A speaker at an opioid conference this month at the University of Massachusetts mentioned a startling finding: In national surveys, when asked if they support safe consumption sites, 29 percent of survey takers approved; when asked about overdose prevention sites, the approval rate went up to 45 percent.
Both names refer to the same thing.
Tapestry Health Executive Director Cheryl Zoll, who attended the Sept. 6 conference, “Addressing the Opioid Crisis in Small and Rural Communities in Western Massachusetts,” was surprised not only by the findings but the terminology.
“That was the first time I heard about calling safe injection facilities overdose prevention sites and I thought it was brilliant because that’s what it is,” she said.
Safe injection facilities are places where people can inject drugs in a supervised setting, which means in the event of an overdose, medical professionals are at the ready. Though not currently legal in the United States, there are around 100 in Canada, Australia and in Europe, where studies show they save lives by reversing overdose and improve health by providing treatment for a host of related ailments related to IV drug use.
For the record, this column is not about safe injection sites. It’s about language.
Word choice matters.
And there’s research backing that up, not only when it comes to safe injection sites versus overdose prevention sites, but also a host of other, often negative, language commonly used for people living with substance use disorders.
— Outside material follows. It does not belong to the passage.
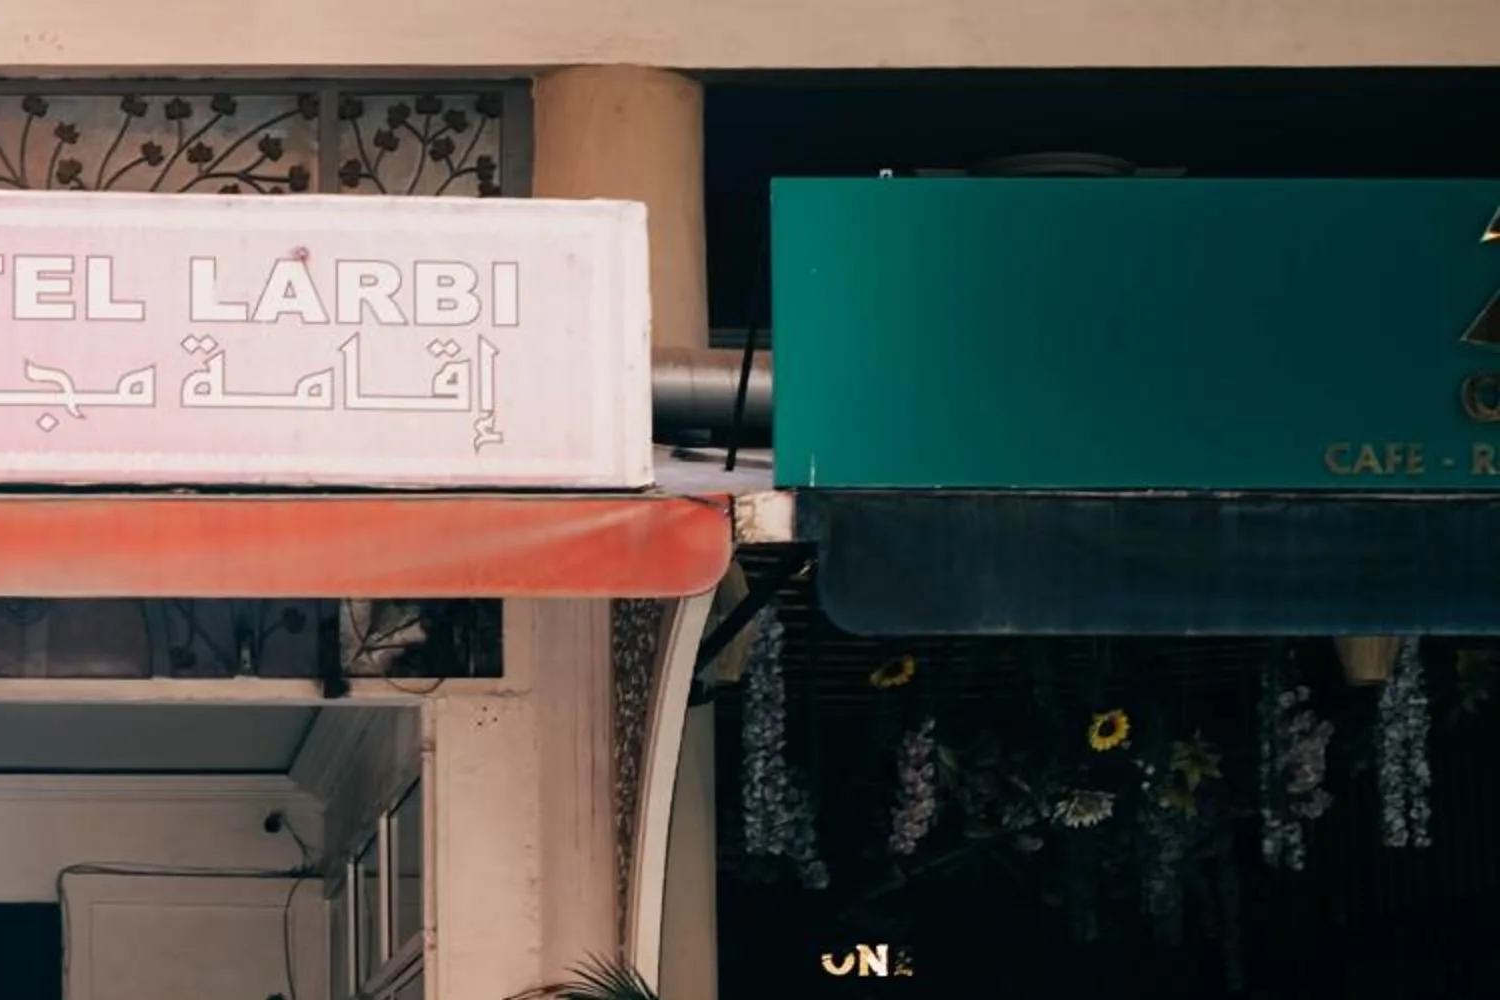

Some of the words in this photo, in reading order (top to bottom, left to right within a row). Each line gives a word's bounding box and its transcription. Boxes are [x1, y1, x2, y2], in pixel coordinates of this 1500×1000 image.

Researcher and psychologist John F. Kelly, founder of the Recovery Research Institute of Mass General Hospital, has conducted numerous studies looking at the role of language in the treatment of people with substance use disorders. He maintains that the findings are clear: when negative, stigmatizing words such as “addict” and “abuser” are used, people face discrimination.
In one study reported in the Journal of Drug Issues, Kelly and two co-authors tested responses to people described either as being a “substance abuser” or a “person with substance use disorder.” Study participants tended to view the person with substance use disorder as more in need of treatment, while seeing the substance abuser as engaged in “willful misconduct” caused by recklessness.
Kelly and his team also suggest that the routine use of terms like abuser take a toll on the people suffering from the disease of addiction because they internalize terms like abuser, “increasing their sense of shame and anxiety and creating a barrier to honest self-disclosure and treatment seeking.”
Another study presented doctoral-level mental health and addiction clinicians with two case studies about people in legal trouble due to alcohol or other drugs, one using the description substance abuser and the other “having a substance use disorder.” Kelly and his team found that clinicians were “significantly more likely” to judge the person as deserving of blame and punishment when the term abuser was used in the vignette.
“Even among well-trained mental health and addiction specialists, exposure to terms like ‘abuser’ creates an implicit cognitive bias that results in punitive judgments that may perpetuate stigmatizing attitudes towards individuals suffering from addiction,” Kelly and his team write.
In their study about safe injection versus overdose prevention sites, Johns Hopkins Bloomberg School of Public Health researchers found that public support of such facilities increased substantially when the term overdose prevention was used.
“The magnitude of the difference was large — 16 percentage points — suggesting that a fairly minor wording change could matter in shifting public support for this harm reduction intervention,” the team wrote in a 2018 article published in the American Journal of Public Health.
“These findings raise the larger question of why so few Americans support this evidence-based policy to combat drug overdose deaths. One likely explanation is pervasive, persistent stigma toward people who use drugs,” they wrote. “Stigma shapes beliefs about appropriate responses to the opioid epidemic.”
What does all of this mean?
In short, language is a powerful tool that shapes attitudes. What it means for the opioid overdose death epidemic is that while evidence-based prevention, treatment and recovery options are crucial, so, too, is a focus on the language used when discussing opioid use disorder and the people who suffer from it.
This science backs up what people in the harm reduction field have been saying for many years.
“When you call someone an addict or drug abuser, it completely removes the human element of it,” said Zoll, whose agency Tapestry offers a range of harm reduction strategies aimed at building respectful relationships with people dealing with substance use disorders.
“So much of the stigma is taking the person out of it and when you take the person out of it, you lose the compassion, the empathy, the understanding,” she said. “Our objective is to keep people alive as they struggle with this disorder.”
Laurie Loisel is director of community outreach and education at the Northwestern District Attorney’s office, which is part of the Hampshire HOPE opioid prevention coalition run out of the city of Northampton’s Health Department. Hampshire HOPE members contribute to this monthly column about local efforts addressing the opioid epidemic.